Posted on 5/24/2013 by with 0 comments

Court Rules Sentencing Disparity Applies Retroactively

By D.A. Barber.

On May 17, the U.S. 6th Circuit Court of Appeals ruled the reduced sentencing ratio of the 2010 Fair Sentencing Act should apply retroactively to all drug sentencing cases.

In doing so, the court recognized the racial disparity in sentencing was unconstitutional.

Referring to a law signed by U.S. President Barack Obama on August 3, 2010, the court recognized the wide racial disparity between mandatory minimum sentences for crack and powder cocaine offenses, and reduced the sentencing ratio from 100-to-1 to 18-to-1.

The Congressional Research Service had concluded in January 2013 that discriminatory sentencing laws for nonviolent drug offenders, was a primary cause of the huge prison population in the United States.

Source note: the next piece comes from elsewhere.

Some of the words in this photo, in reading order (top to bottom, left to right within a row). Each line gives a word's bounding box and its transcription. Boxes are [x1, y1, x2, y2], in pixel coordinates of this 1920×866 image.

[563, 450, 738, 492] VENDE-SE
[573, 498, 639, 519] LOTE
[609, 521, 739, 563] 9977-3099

Last June, the U.S. Supreme Court ruled that the reductions in the Fair Sentencing Act applied to those cases decided before the law was passed but not sentenced, but left open the question of whether it applies retroactively to the tens of thousands of other inmates seeking reduced sentences.

Court Sentencing

The Associated Press reported that the decision by the U.S. 6th Circuit Court of Appeals clears the way for thousands of inmates convicted before the passage of the Fair Sentencing Act of 2010 to petition for less jail time. More than 80 percent of the 30,000 inmates in federal prisons on crack-related charges were black as recently as 2011. Photo Credit: rawstory.com

In making the new ruling, Sixth Circuit Judges Gilbert Merritt and Boyce Martin wrote the two-judge majority opinion stating: “More than 80 percent of federal prisoners serving crack cocaine sentences are black. In fiscal year 2010, before the passage of the Fair Sentencing Act, almost 4,000 defendants, mainly black, received mandatory minimum sentences for crack cocaine.”

They also wrote, “The discriminatory nature of the old sentencing regime is so obvious that it cannot seriously be argued that race does not play a role in the failure to retroactively apply the Fair Sentencing Act.”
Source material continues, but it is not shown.